__Exercise__. Repeat the records exactly as given. Do not include the pictures.

══ Record extracts ══

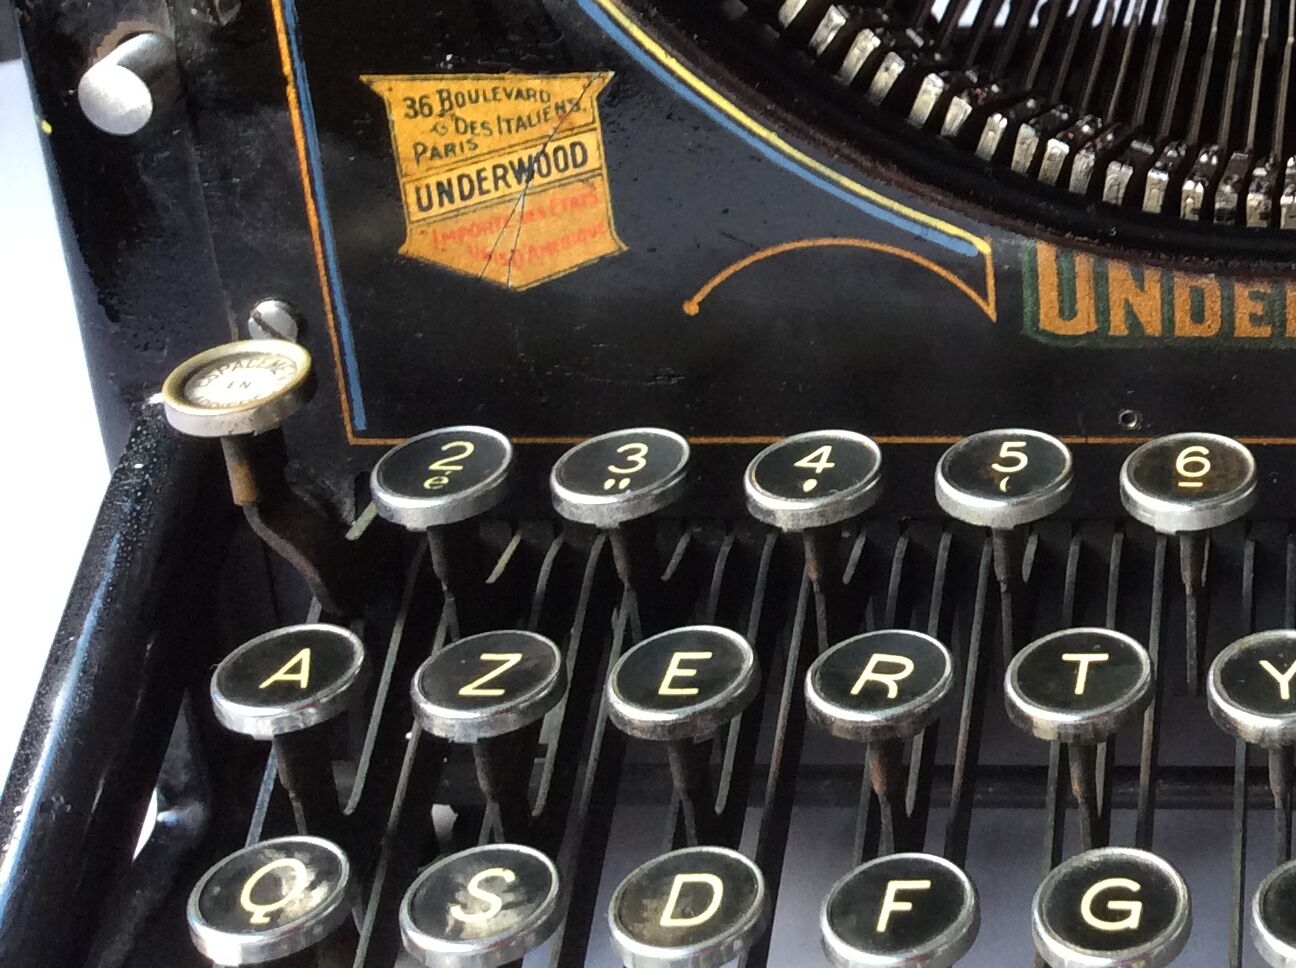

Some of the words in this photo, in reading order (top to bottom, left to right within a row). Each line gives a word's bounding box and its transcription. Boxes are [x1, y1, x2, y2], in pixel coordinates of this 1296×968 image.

[402, 95, 434, 120] 36
[436, 87, 552, 118] BOULEVARD
[452, 114, 492, 137] DES
[412, 138, 479, 165] PARIS
[414, 140, 589, 213] UNDERWOOD
[428, 440, 475, 471] 2
[607, 442, 649, 474] 3
[793, 445, 836, 474] 4
[991, 441, 1028, 473] 5
[1175, 445, 1211, 478] 6
[258, 647, 311, 689] A
[458, 651, 525, 697] Z
[658, 650, 714, 697] E
[850, 653, 915, 699] R
[1061, 653, 1109, 695] T
[240, 856, 303, 925] Q
[449, 867, 517, 925] S
[658, 872, 724, 929] D
[876, 879, 932, 933] F
[1080, 877, 1143, 931] G
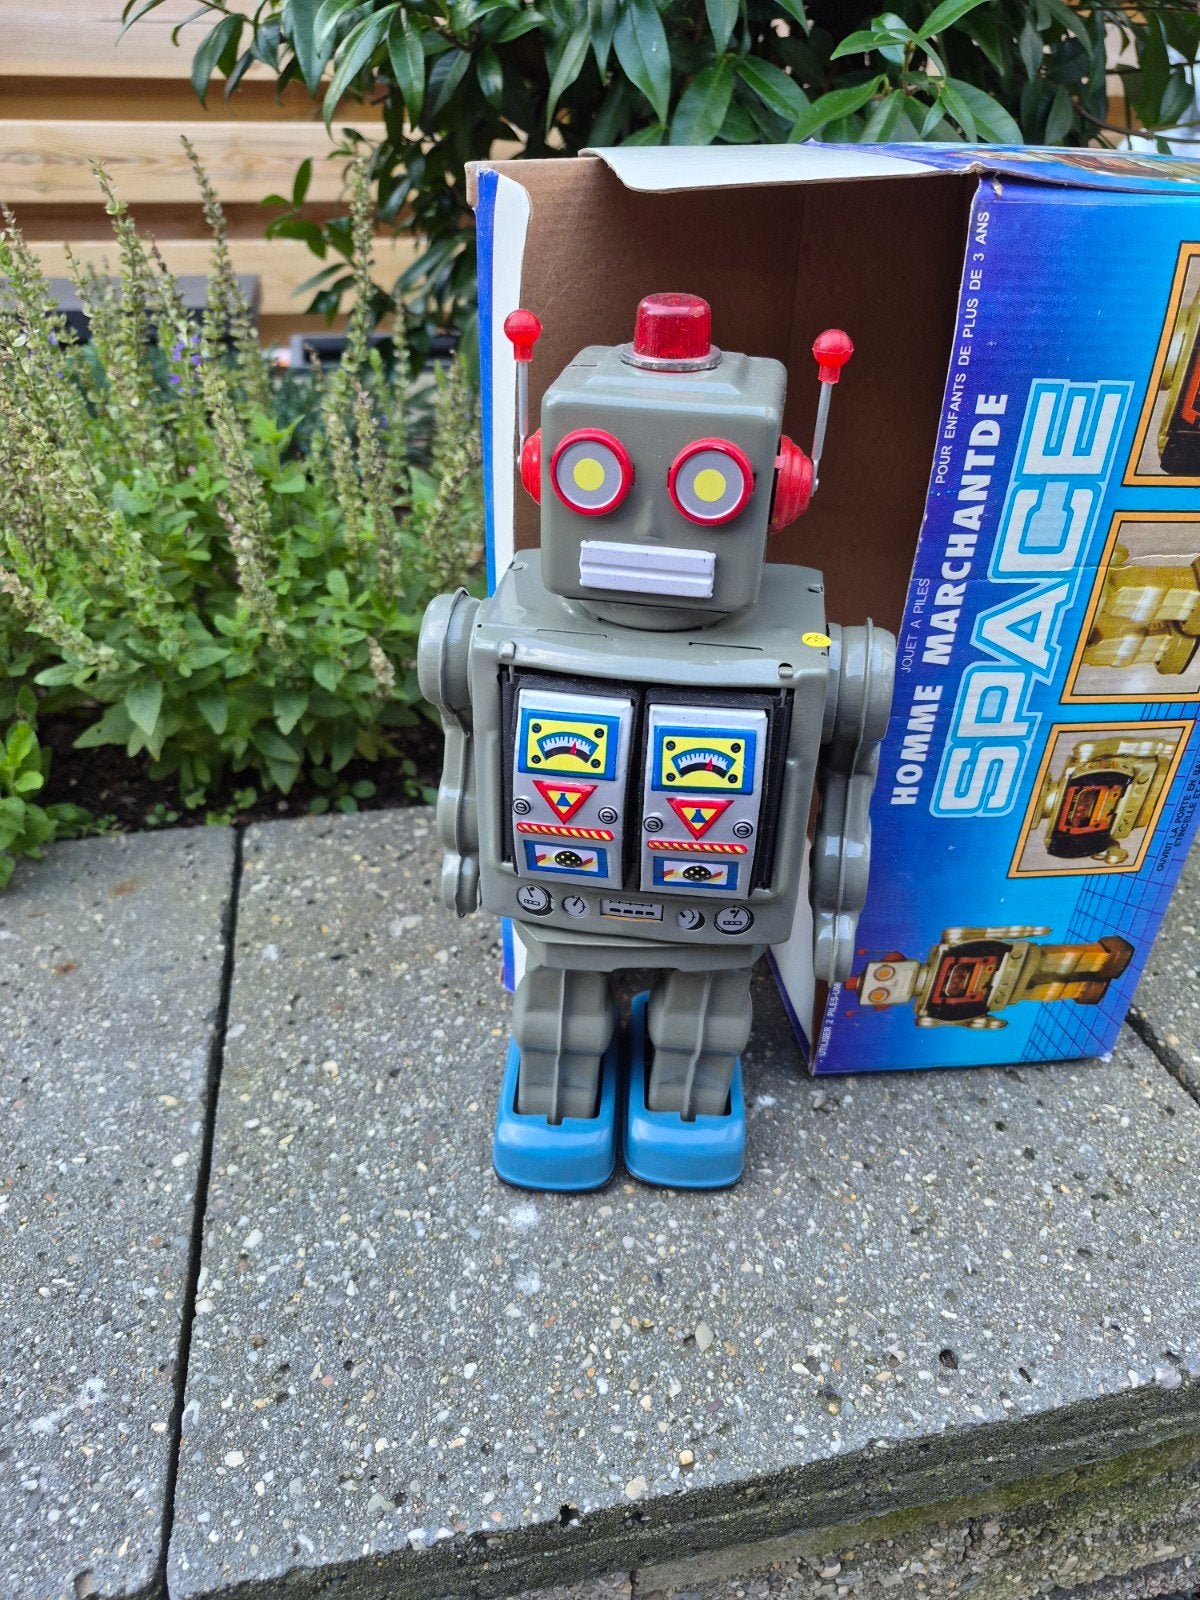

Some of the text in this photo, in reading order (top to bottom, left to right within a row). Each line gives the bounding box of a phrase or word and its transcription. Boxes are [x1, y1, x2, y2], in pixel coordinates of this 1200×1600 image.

[935, 211, 990, 484] POUR ENFANTS DE PLUS DE 3 ANS
[890, 394, 1009, 806] HOMME MARCHANTDE
[901, 578, 930, 673] JOUET A PILES
[929, 378, 1135, 818] SPACE
[1169, 827, 1178, 839] LA
[1174, 794, 1191, 823] PORTE
[818, 1026, 832, 1056] UTILISER

═══

__Solution__.
Some of the words in this photo, in reading order (top to bottom, left to right within a row). Each line gives a word's bounding box and its transcription. Boxes are [x1, y1, x2, y2], in pixel coordinates of this 1296×968 image.

[402, 95, 434, 120] 36
[436, 87, 552, 118] BOULEVARD
[452, 114, 492, 137] DES
[412, 138, 479, 165] PARIS
[414, 140, 589, 213] UNDERWOOD
[428, 440, 475, 471] 2
[607, 442, 649, 474] 3
[793, 445, 836, 474] 4
[991, 441, 1028, 473] 5
[1175, 445, 1211, 478] 6
[258, 647, 311, 689] A
[458, 651, 525, 697] Z
[658, 650, 714, 697] E
[850, 653, 915, 699] R
[1061, 653, 1109, 695] T
[240, 856, 303, 925] Q
[449, 867, 517, 925] S
[658, 872, 724, 929] D
[876, 879, 932, 933] F
[1080, 877, 1143, 931] G

Some of the text in this photo, in reading order (top to bottom, left to right within a row). Each line gives the bounding box of a phrase or word and its transcription. Boxes are [x1, y1, x2, y2], in pixel coordinates of this 1200×1600 image.

[935, 211, 990, 484] POUR ENFANTS DE PLUS DE 3 ANS
[890, 394, 1009, 806] HOMME MARCHANTDE
[901, 578, 930, 673] JOUET A PILES
[929, 378, 1135, 818] SPACE
[1169, 827, 1178, 839] LA
[1174, 794, 1191, 823] PORTE
[818, 1026, 832, 1056] UTILISER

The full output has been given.